The joy and innocents of a child is so beautiful, tonight as I watched my baby cousins walk towards me I felt that joy. I saw that innocents. I heard their contagious laughter, their talk of all that is silly. The babies that I speak of are far from babies, they are seven, four, and two. My little monsters as I sometimes call them make me feel that some type of good and innocents actually exists.
To be perfectly honest, I am jealous of these three boys. They have a better childhood than I had. They will get to have friends, play normal childhood games and grow up with love surrounding them. When I think about what they have, I get mad that I never had that. I think of my abusive childhood and adolescents and realize that now I am damaged goods. The “specialness” that I thought was good changed my life forever. My childhood that is gone. It was over before it even started.

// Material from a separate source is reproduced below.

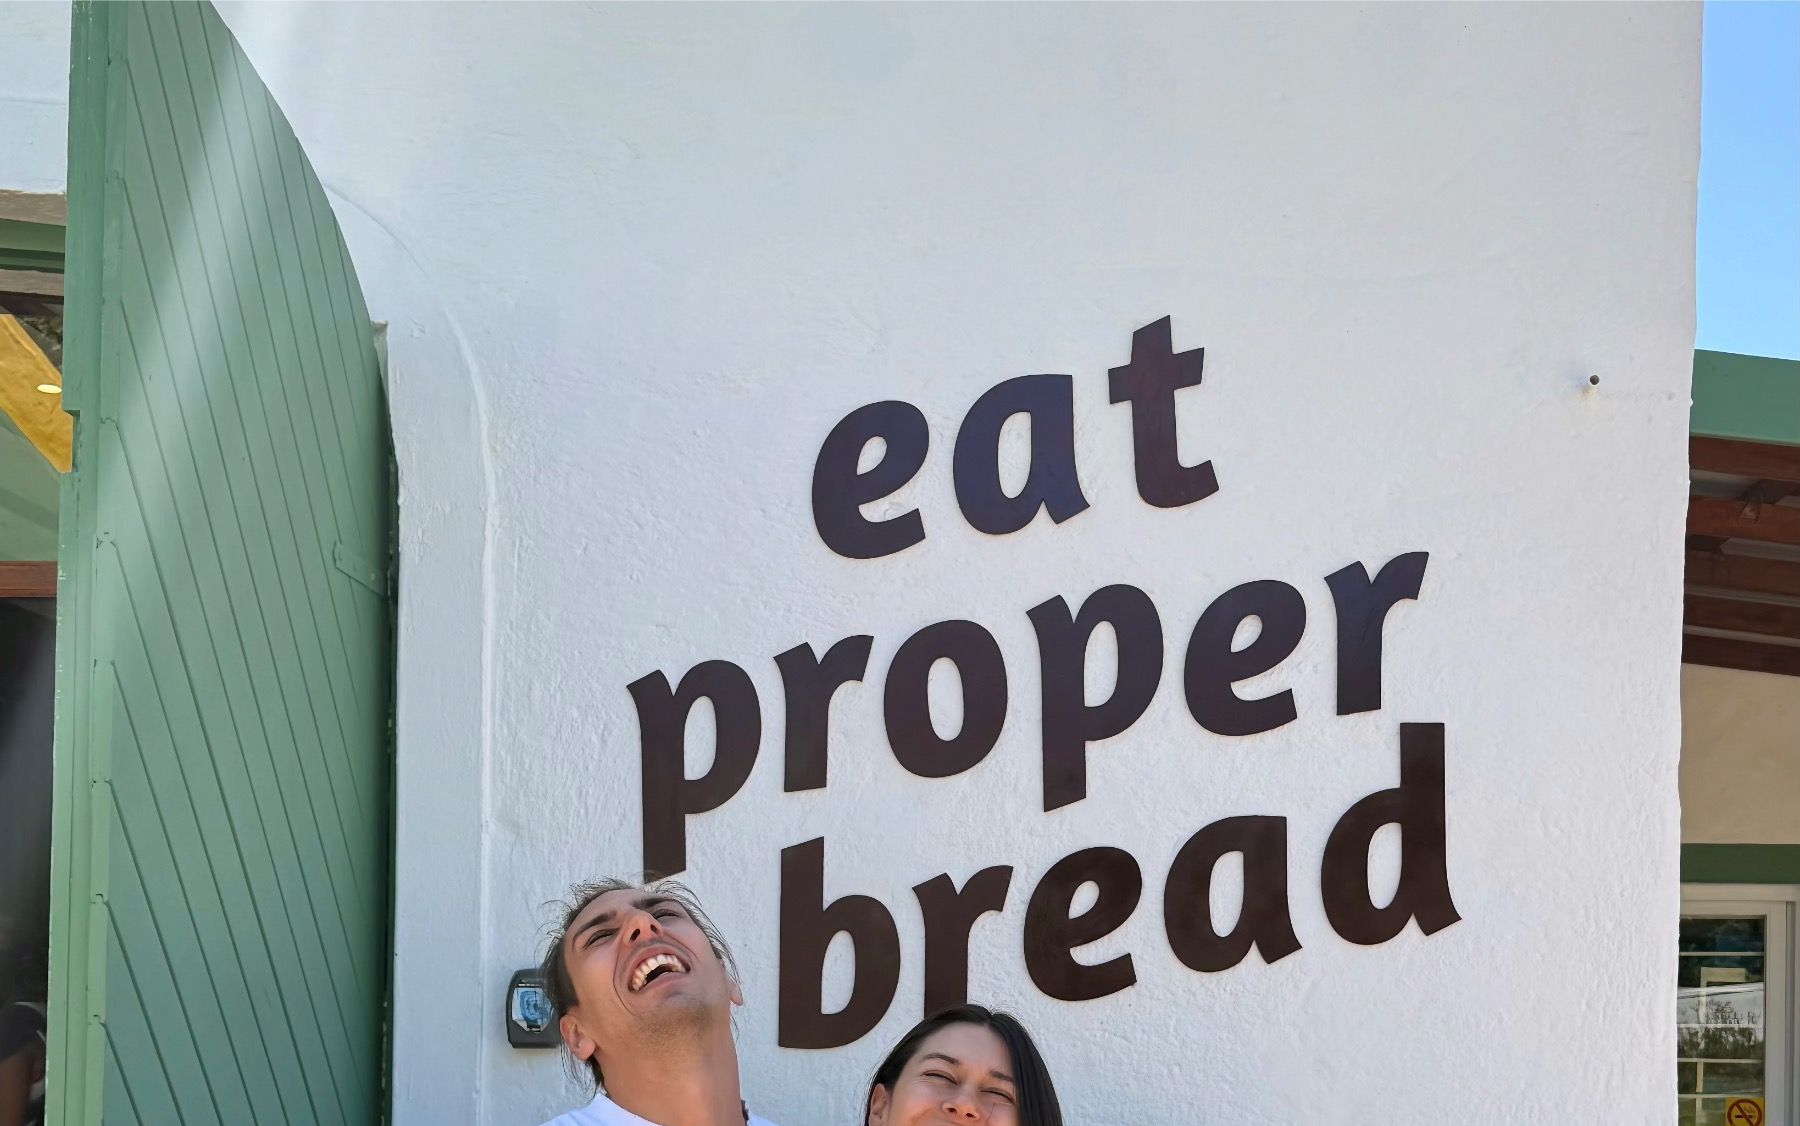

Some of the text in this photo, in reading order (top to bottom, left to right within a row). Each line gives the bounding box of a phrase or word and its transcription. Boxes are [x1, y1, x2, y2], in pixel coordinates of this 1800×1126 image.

When I was a child, I did not know there was anything else but abuse. I had no idea what other kids had. Which I suppose was a good thing. I think if I would have seen others experiencing their carefree childhood, safe from abuse it would have felt worse. Therefore, with that I am thankful that I never had others to compare myself to.

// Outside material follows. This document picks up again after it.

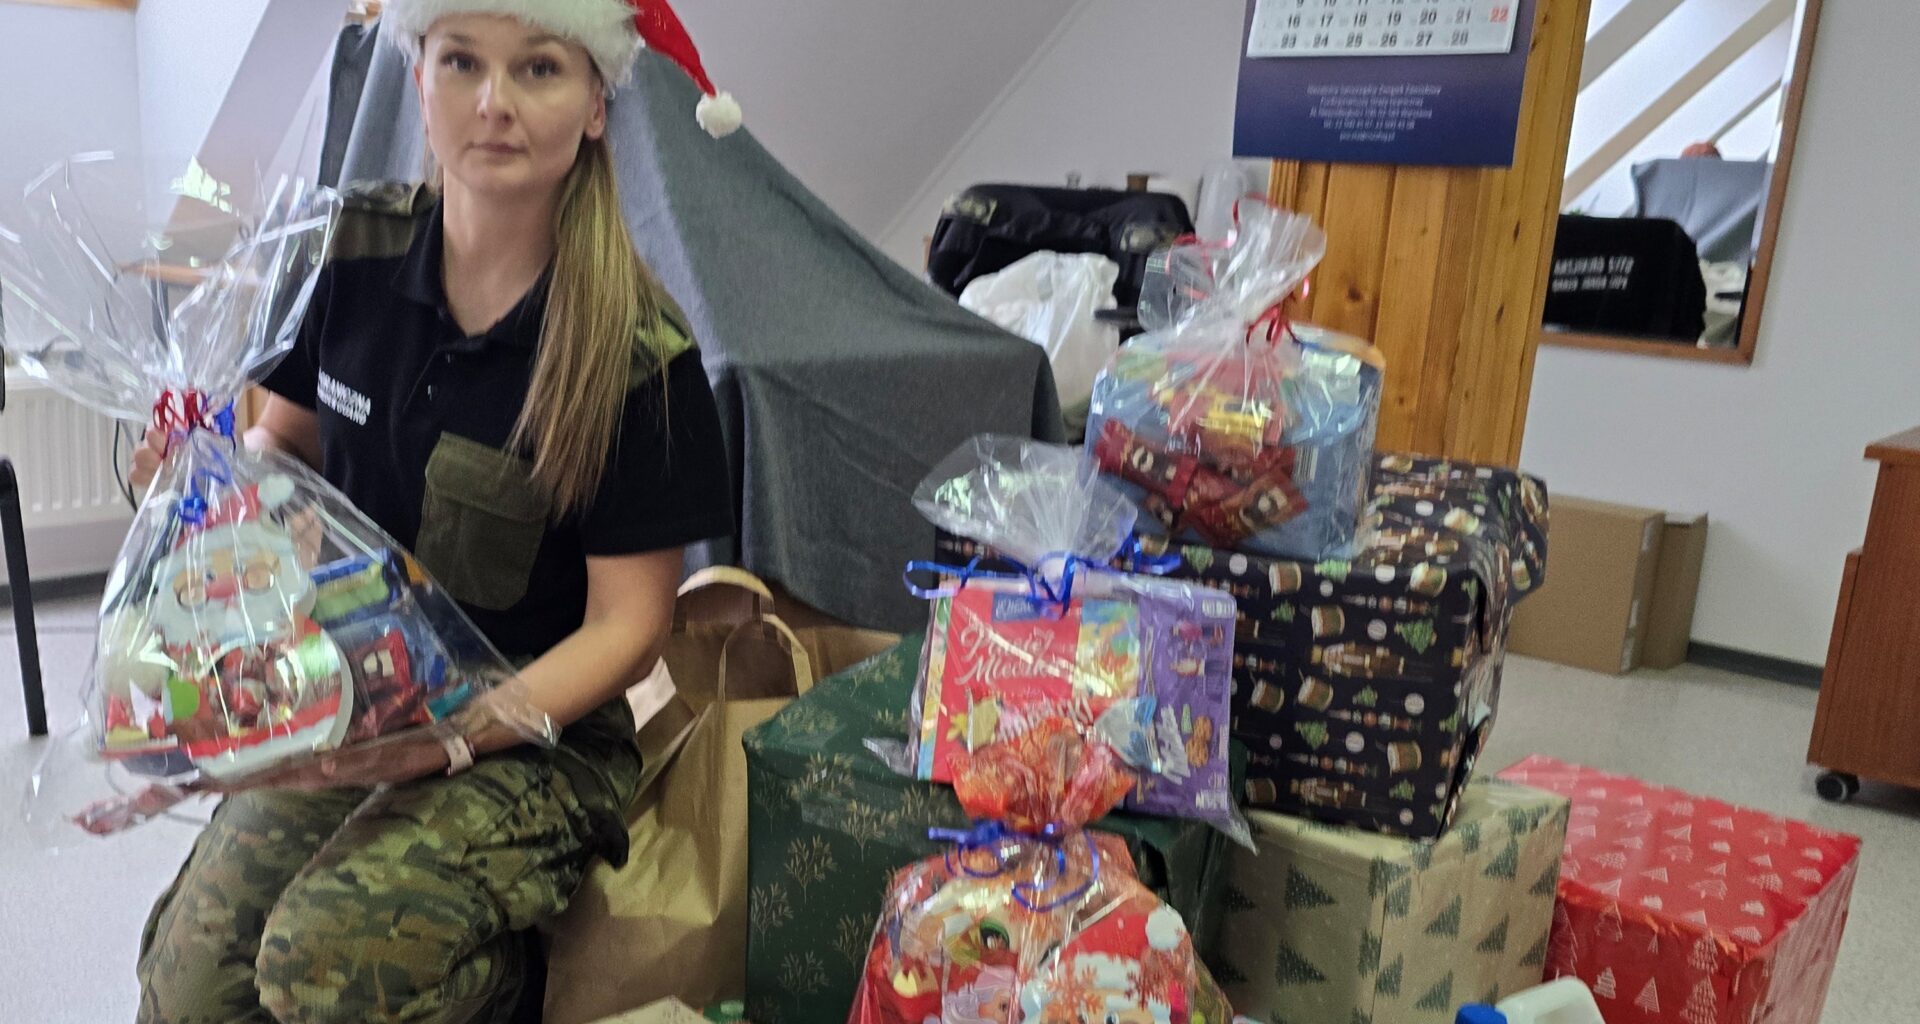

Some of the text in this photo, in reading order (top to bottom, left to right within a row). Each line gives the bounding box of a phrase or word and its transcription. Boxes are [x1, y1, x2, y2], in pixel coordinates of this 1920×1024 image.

[1288, 5, 1509, 28] 16 17 18 19 20 21 22
[1281, 29, 1469, 49] 23 24 25 26 27 28

As I got older, I did eventually go to school and I saw other kids. In addition, I quickly learned that they were not like me at all. I did not know that I was abused but I just knew things were different for me. Some part of me would draw weird stuff in art class and the teacher would always call home. My grandparents respond that I just had a “vivid imagination”.

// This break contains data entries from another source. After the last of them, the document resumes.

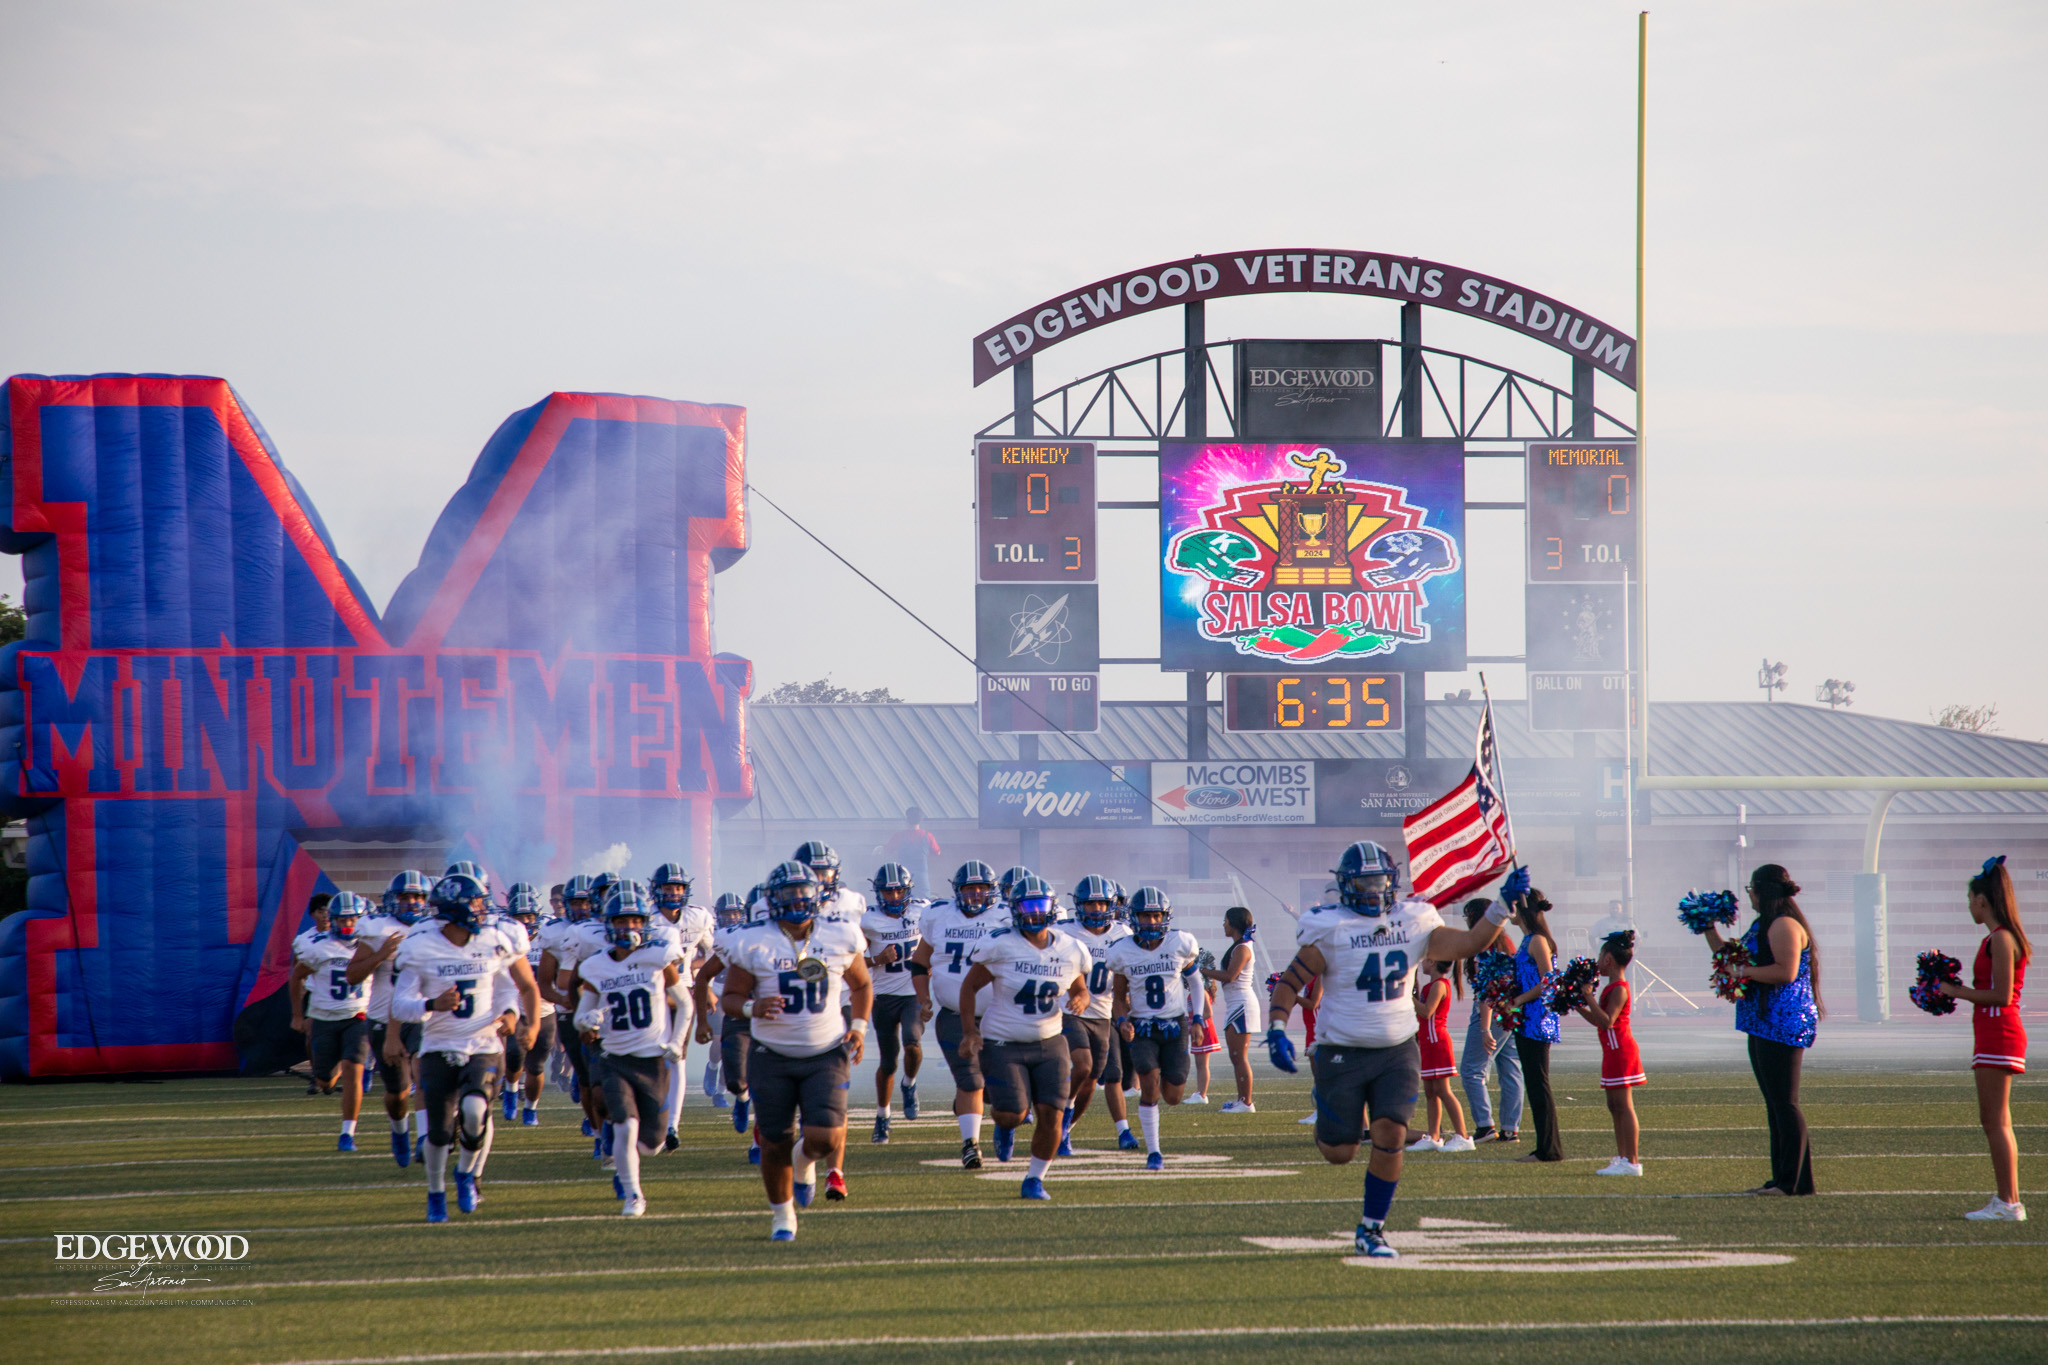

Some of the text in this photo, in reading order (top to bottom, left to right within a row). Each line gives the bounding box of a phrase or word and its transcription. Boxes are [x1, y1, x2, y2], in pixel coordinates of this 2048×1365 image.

[983, 254, 1632, 372] EDGEWOOD VETERANS STADIUM
[1249, 369, 1375, 387] EDGEWOOD
[1002, 447, 1070, 464] KENNEDY
[1548, 449, 1625, 466] MEMORIAL
[1026, 473, 1050, 514] 0
[1607, 474, 1630, 515] 0
[1209, 533, 1241, 552] K
[994, 543, 1045, 563] T.O.L.
[1064, 536, 1081, 570] 3
[1304, 549, 1323, 558] 2024
[1546, 537, 1562, 571] 3
[1205, 592, 1423, 636] SALSA BOWL
[987, 677, 1091, 692] DOWN TO GO
[1536, 676, 1564, 690] BALL
[1566, 676, 1582, 690] ON
[1277, 678, 1389, 727] 6:35
[20, 652, 750, 795] MINUTEMEN
[987, 770, 1051, 790] MADE
[1186, 765, 1307, 786] McCOMBS
[998, 790, 1091, 817] FOR YOU!
[1197, 788, 1230, 805] Ford
[1245, 787, 1310, 807] WEST
[1361, 798, 1383, 808] SAN
[1163, 813, 1305, 823] www.McCombsFordWest.com
[1595, 809, 1619, 819] Open
[1349, 931, 1410, 949] MEMORIAL
[1014, 961, 1064, 977] MEMORIAL
[1130, 961, 1176, 977] MEMORIAL
[1355, 949, 1409, 1003] 42
[600, 973, 649, 991] MEMORIAL
[778, 970, 829, 1014] 50
[453, 979, 477, 1018] 5
[1145, 975, 1166, 1010] 8
[606, 987, 653, 1031] 20

All throughout my life, I always felt out of place. I never knew why. I did not know my childhood was not “normal”. If I knew then what I know now, my life would be very different.
When I get jealous of “my little monsters”, I think that I am helping them write chapters of their life story. I can give that what I never had. I can show them they have choices. I can make them feel special in a good way. I can be silly along with them. I can let my child parts come out and experience what real childhood is along with the boys. “My three little monsters” are so special to me. I love them, accept them, and always protect them.
Throughout all the depression, hopelessness and sadness, “my little monsters” give me something that no amount of therapy can. They give me a real life definition of innocents. They bring joy to me on the darkest of days. For that, they disserve only the best and that is what I intend on giving “my little monsters”.